Get started building pipelines in minutes for free at data engineering podcast.com/streamsets. The first 10 listeners that subscribe to stream sets professional tier will receive 2 months free after their 1st month. In terms of the structure of the tables, 1 of the perennial problems when you're dealing with any sort of structured schemas is evolution and changes in the source data systems. And I'm curious what types of machinery you have available for being able to surface alerts or errors in the event that the schema of a Kafka stream changes. And so now instead of it being an integer, it has evolved to a float or from a float to an integer. And so now the computation that you're using to create a derived table is not accurate or it's starting to error out or, you know, it has, you know, gone outside of a certain standard deviation from what it had been. And I'm just curious some of the ways that you're able to integrate some of these kind of data quality checks into the execution of these real time tables.
[00:34:28] Unknown:
It's an important question that you're asking. On the community side today, what would happen is you would air out because, again, what we've tried to deliver in the community side is simpler building blocks that people can understand, and we wouldn't wanna obfuscate something sophisticated like what you just suggested there. We certainly have experience. There are solutions that exist in our enterprise product. They're being used by the big hedge funds and banks out there. Many of them use Deephaven as their full data life cycle management system. Right? And they're doing that for taking real time feeds. They're transforming and emerging it into historical files. They're doing all sorts of data validation and data cleaning as part of that exercise. And they're doing it, you know, as I suggested, both in real time as well as, oh, they just inherited a batch from some vendor or something like that.
So from our perspective, that is, you know, logic that is introduced on top of the lowest layer, not something that's fundamental of the lowest layer today. The lowest layer obviously wouldn't be happy to the extent that it that a data type changed, and in the community version would air out at this point.
[00:35:34] Unknown:
In terms of getting onboarded into Deephaven or running the community edition yourself, Wondering if you can talk through some of the setup and infrastructure that's necessary to support it. But more interestingly, the work of integrating various data sources and then being able to feed that into different downstream systems. So just being able to figure out what is the scope of data sources that you can work with and consume from and some of the ways that you might build additional experiences or logic or analyses that are being powered by the streaming computation that Deephaven provides?
[00:36:13] Unknown:
Easiest way to get going is to just, you know, download a Docker image and, you know, launch locally or in the cloud. We make several available in Python and Java, essentially, but also sort of with or without various AI packages. Again, you know, integrating with machine learning libraries that exist out there is fundamental to some users, but other users would find that gear unnecessary and heavy. So we don't want to make that part of the image. There are other pan patterns for deployment, but I think that is the fastest 1 to get going. In regards to accessing data, there's a suite of integrations that we think will be fully supported within a couple of months. So we started with, again, we have experience with sort of the whole range, but we're porting it in smart ways to community so that it's very modularized and plays well with our gRPC based API. So in particular, we focused first on Parquet and RedPandas and Kafka as both ingest and exhaust. We support change data capture, ingestion. So, you know, some of your listeners have heard people talk about, you know, integrations with and things like that, and that would work. We just wrote from scratch, we think, a very compelling CSV parser in Java. We wrote 1 because we needed to be better performance than the Apache Commons version that was out there, and we needed to support type inference in a first class way where some of the other, you know, good performing Java CSV parsers did find, but they didn't have the inference. So it's pretty much 1 line of code to run for a file or a CSV or we have a resolver where you could get data from a web source or something like that very easily in 1 line of code.

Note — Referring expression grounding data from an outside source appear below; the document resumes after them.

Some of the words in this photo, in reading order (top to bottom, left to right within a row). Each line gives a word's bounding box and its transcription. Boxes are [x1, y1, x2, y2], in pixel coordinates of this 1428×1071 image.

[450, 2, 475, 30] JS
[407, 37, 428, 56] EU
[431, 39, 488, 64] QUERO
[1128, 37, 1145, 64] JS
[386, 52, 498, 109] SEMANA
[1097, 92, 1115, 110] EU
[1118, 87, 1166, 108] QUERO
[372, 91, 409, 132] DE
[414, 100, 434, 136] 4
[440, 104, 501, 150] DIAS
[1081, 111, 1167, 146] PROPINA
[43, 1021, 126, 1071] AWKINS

Parquet or RedPandas, as you know, probably 4 or 5 lines where more or less you're just having to configure, you know, source information and topic details and things of this nature. In regards to exhaust, it's mostly, you know, a mirror image of that, I would say, other than exhausting CDC isn't something that makes a lot of sense to us there right now. But importantly, on the exhaust side, we think 1 of the really valuable things to consider is sending it from 1 Deephaven worker to another Deephaven, from 1 Deephaven process to another Deephaven process as I suggested over this Aeroflight compatible API that we have. And then in regards to consuming the data, there's sort of application consumers and eyeball and finger consumers. Right? And the eyeball and finger kind is very rich open API that supports all of our clients and their client APIs. And 1 of the client APIs sits on top of that is a JavaScript API.

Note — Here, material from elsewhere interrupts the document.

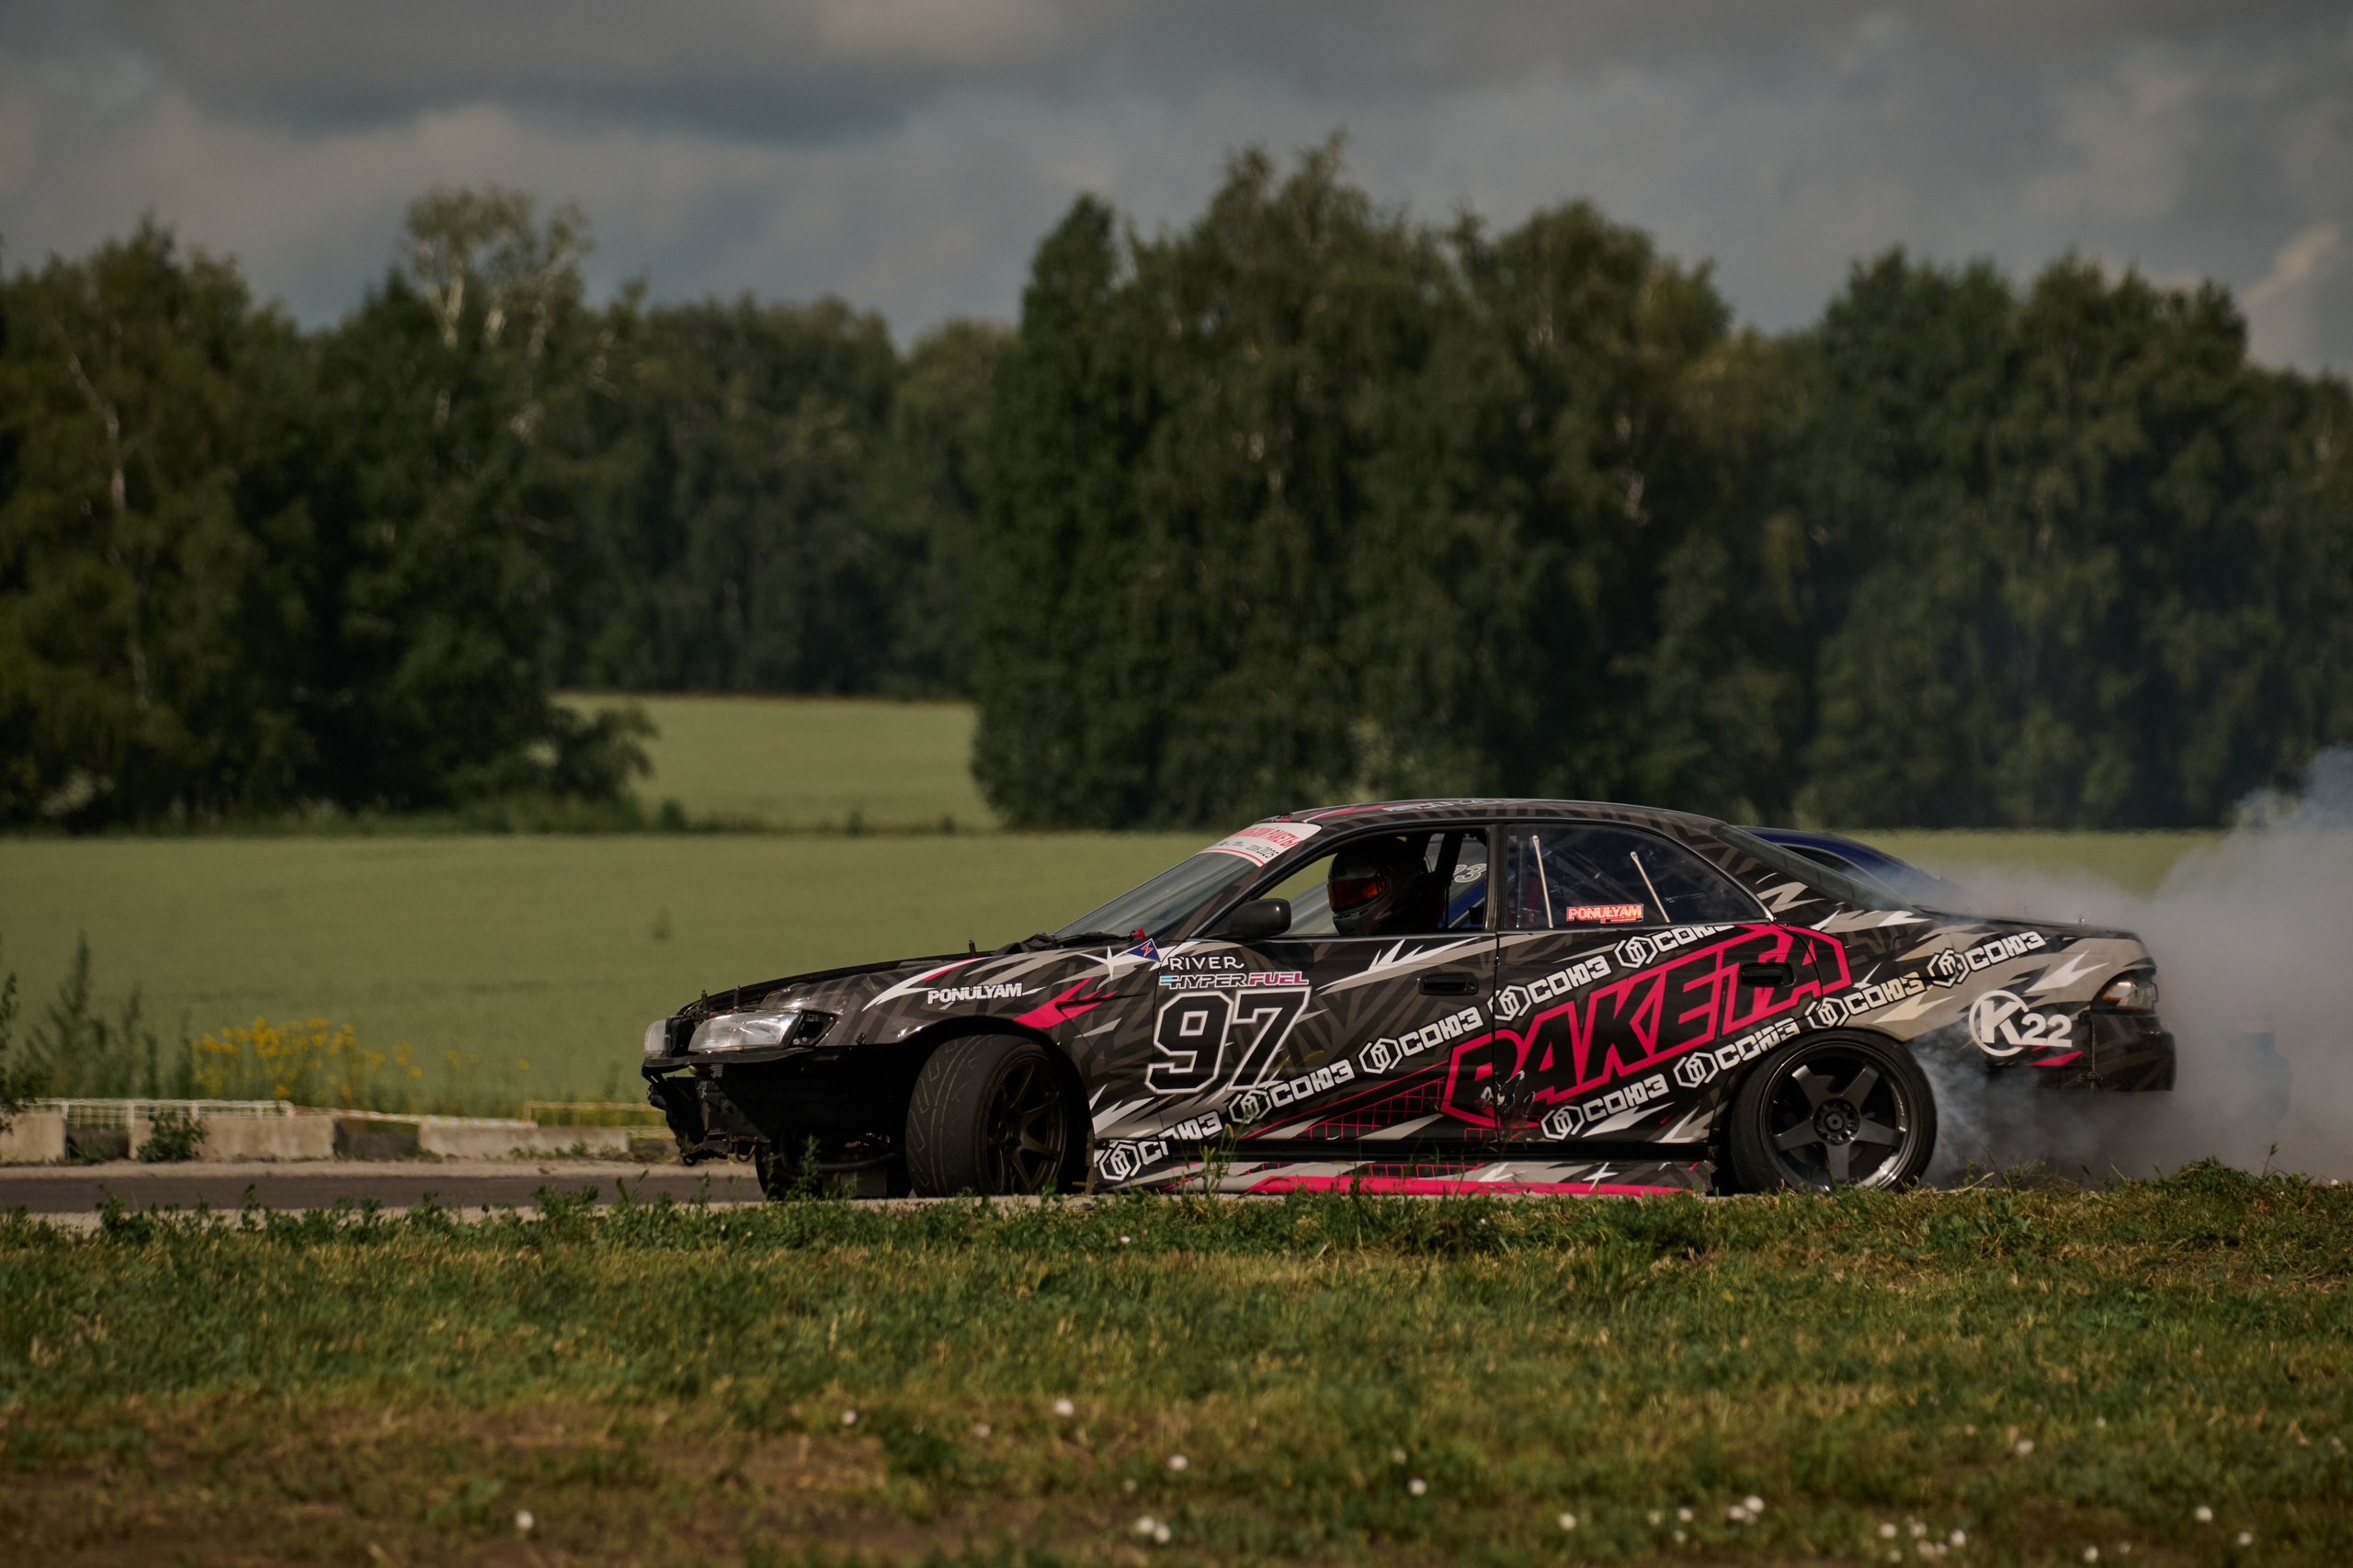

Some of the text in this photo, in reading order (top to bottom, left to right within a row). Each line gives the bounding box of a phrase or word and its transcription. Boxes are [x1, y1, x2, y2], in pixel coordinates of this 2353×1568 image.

And on top of that, we have, you know, a very rich environment for, you know, written and reacted for exploring data, for inheriting tables in real time, for seeing the work product of what I call this, you know, pubsub of streaming tables, you know, as 1 deep payment process talks to another. It does many important things that you would expect in an analytical interface. Oh, I wanna play with tables. I wanna filter things. I wanna create new columns here from the UI without doing anything else. So I wanna link 1 table to another and double click and have fancy things happen. It's quite rich in that regard. And, again, it's all engineered even within a browser to support data that changes.
So real time data ticking in, you know, and data at scale. We just put a blog post out there about how we can you know, the blog post was rendering. I think the number was a quadrillion rows in the browser. The pretty atypical number, but it also is not something that other browser grids can support. So we work on a number of these problems.
[00:40:00] Unknown:
Yeah. The browser interaction is definitely something that's interesting because as you said, it's not something that most people are focused on. If you're gonna try and load data into a browser, you're going to try and condense it and figure out, you know, what are the useful aggregates so that I can downsample this information to render it to the end user because somebody who's eyeballing it isn't going to want to look at all quadrillion rows of data. They are going to care about what is the actual aggregate information, but it's definitely valuable to be able to feed that all to the browser without completely crushing the user's laptop. For sure. I mean, it it would be silly of me to suggest that we're sending a quadrillion
[00:40:35] Unknown:
rows and number of columns to the browser. Right? You know, it's just the smart view port support that's going on there, and that extends not just to these tables that are that changing in real time, but, you know, you could imagine a pivot view or a roll up or an aggregation that has real time data underneath it. You know, that can be a pretty sophisticated problem from a UI integration perspective. So our customers have asked for these things, and we've delivered them. And now we have, we think, upgraded many aspects of them and delivered them to the community out there on GitHub.
[00:41:08] Unknown:
You mentioned at the beginning that you have a source available licensing model, and I'm wondering if you can speak to the decision process that went into choosing a license and some of the ways that you think about the governance model and the boundaries between the community edition and the enterprise edition. Edition? It's a fair question. A couple things just to remind you of going in here is that I am probably less expert at that question than you are. And, also, we have a bit of a strange history, right, in that
[00:41:37] Unknown:
we went from being an internal product to an enterprise product to a community first product. We really are fully open and fully committed to community development. So to your question, when we made that decision and there's a number of stakeholders you need to convince at a company like ours to make that decision. We wanted to lean as heavily as we could into the spirit of open source while satisfying the different views and different priorities of those stakeholders. So we went to the point that felt exactly right at that moment in time, which was, this is new to Deephaven.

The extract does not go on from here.